3 prostitution arrests in Plaza

Dan Glaun

Undercover operations by the Nassau Count Police Department led to the prostitution arrests of three women in Great Neck Plaza last week, the latest in a series of stings against both alleged sex workers and johns that have taken place in Great Neck and across Nassau County in recent months.

Na Pei, 35 and Jia Ping Chen, 47 of Flushing were arrested June 4 for allegedly propositioning an undercover officer in an office at 1 Barstow Road. The suite allegedly used by the women was in the same building as other legitimate offices and businesses, including the recently opened Great Neck office of Congressman Steve Israel.

Boram Choi, 28, Hicksville was arrested the same day on prostitution charges while working at 27 North Station Plaza, a commercial building near the Great Neck Long Island Rail Road station that is also home to Great Neck Photo Imaging.

The businesses that were charged were among a series of massage parlors and day spas identified by the Great Neck Plaza as suspicious when the village first began working with the NCPD’s vice squad in 2011 to crack down on prostitution, Village of Great Neck Plaza Mayor Jean Celender said.

“They were on our hit parade,” Celender said. “When they come in, we come in simultaneously and give summonses for not having proper licenses.”

Those investigations take time as undercover officers gain the trust of alleged sex workers, Celender said.

The arrests came one day after the Nassau County District Attorney’s office announced the arrests of 104 alleged prostitution clients in “Operation Flush the Johns,” in which undercover officers posing as prostitutes arranged meetings with prospective customers using listings in Backpage.com.
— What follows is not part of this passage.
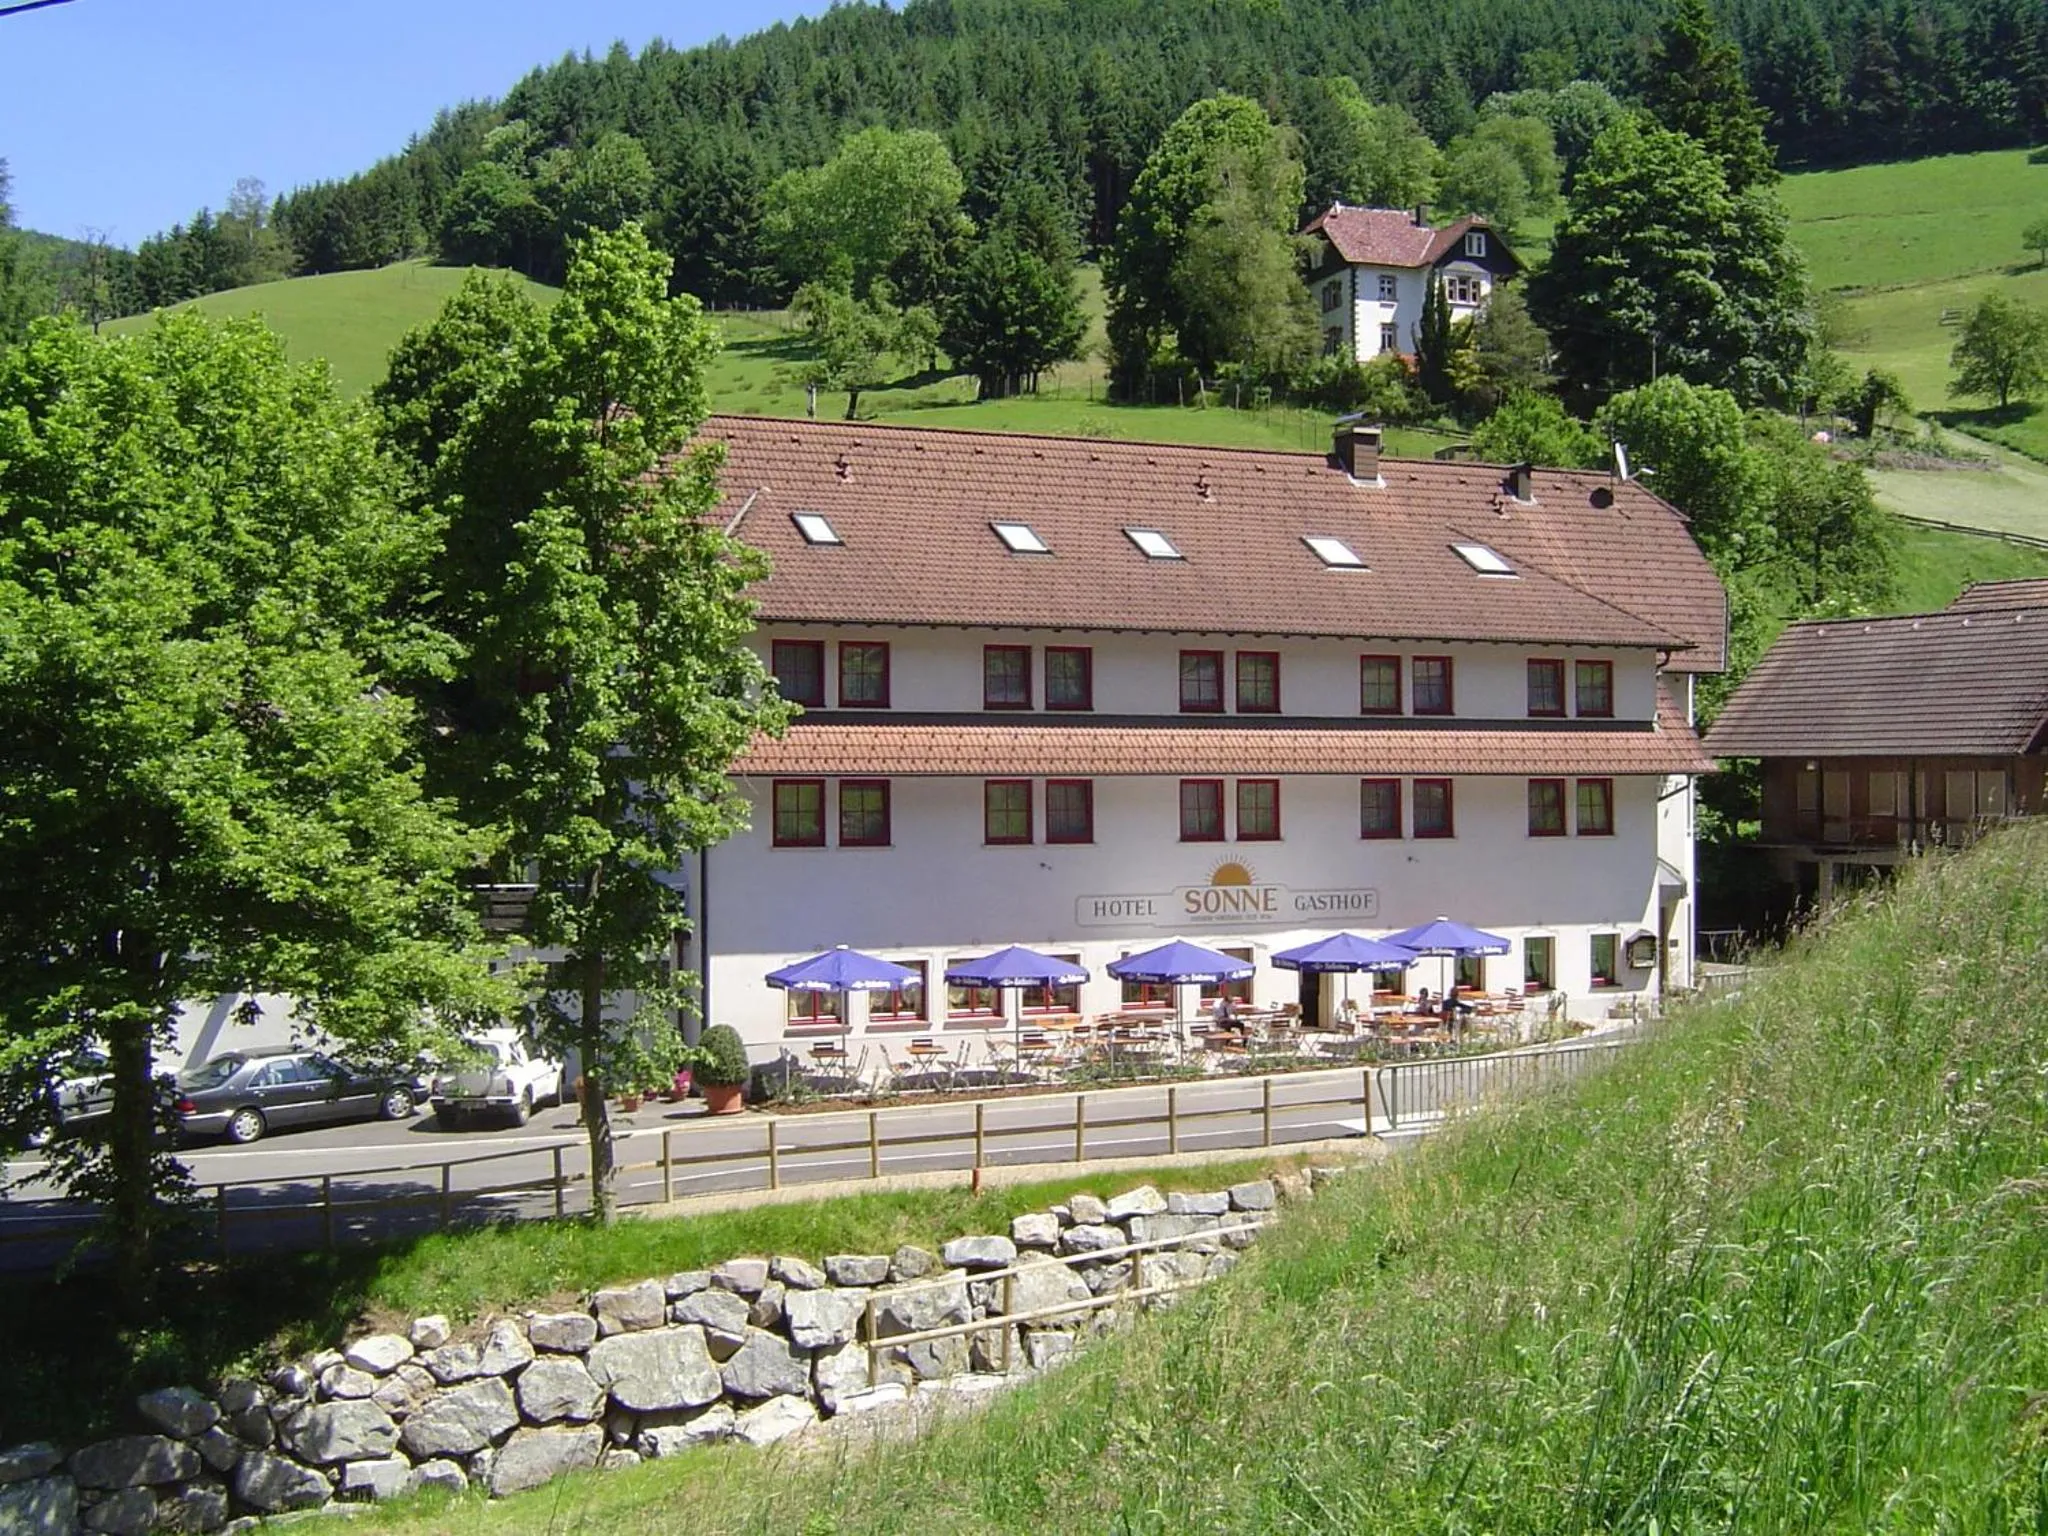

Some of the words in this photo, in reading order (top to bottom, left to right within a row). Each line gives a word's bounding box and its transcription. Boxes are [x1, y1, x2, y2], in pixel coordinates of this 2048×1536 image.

[1093, 899, 1158, 917] HOTEL
[1184, 887, 1278, 914] SONNE
[1294, 893, 1373, 911] GASTHOF
Among those arrested were several Town of North Hempstead residents, including Great Neck residents Tamir Dardashtian and Ricky Somekh.

“Not only do people have a right to know who their prosecutors and police are arresting and charging with crimes, but we know that the commission of this specific crime is dramatically affected by the perceived risk of getting caught,” District Attorney Kathleen Rice said in a press release. “We are giving fair warning to johns that the risk is growing rapidly.”

Rice said that the operation was designed to rebalance a prosecution system that targets prostitutes far more regularly than their customers.

“Sex workers are often vulnerable victims of traffickers and pimps, yet they too often remain the prime targets in prostitution investigations while the johns who fuel the exploitation are treated as mere witnesses,” Rice said in the release. “My office and the department are turning the tables on the illogical and immoral nature of that equation.”

In an earlier bust, a Queens woman was arrested for prostitution while allegedly operating from a basement leased out by neighborhood hair salon Joseph & Co. in Great Neck Plaza.

Jingkun Zhang, 42, of Flushing allegedly massaged and offered to perform a sex act for an additional fee on the undercover officer shortly after noon on Feb. 27, while operating in a basement room subletted from the Bond Street salon.

That massage business was not on the radar of village officials and was operating without a permit from the village, which passed a law in 2011 to crack down on unlicensed massage parlors, Celender said at the time.

The village has been working with police on investigations of unlicensed massage operations since passing stricter permit requirements last summer, Celender said. 

About 20 such permits have been issued over the last year and four or five parlors have been shuttered after investigations, Celender said.

The salon’s owner Joseph Pugliese, whose salon has served the Great Neck community for decades, said customers for the massage parlor would come in through the front door and head downstairs, but that he never suspected any illegal activity by his tenant.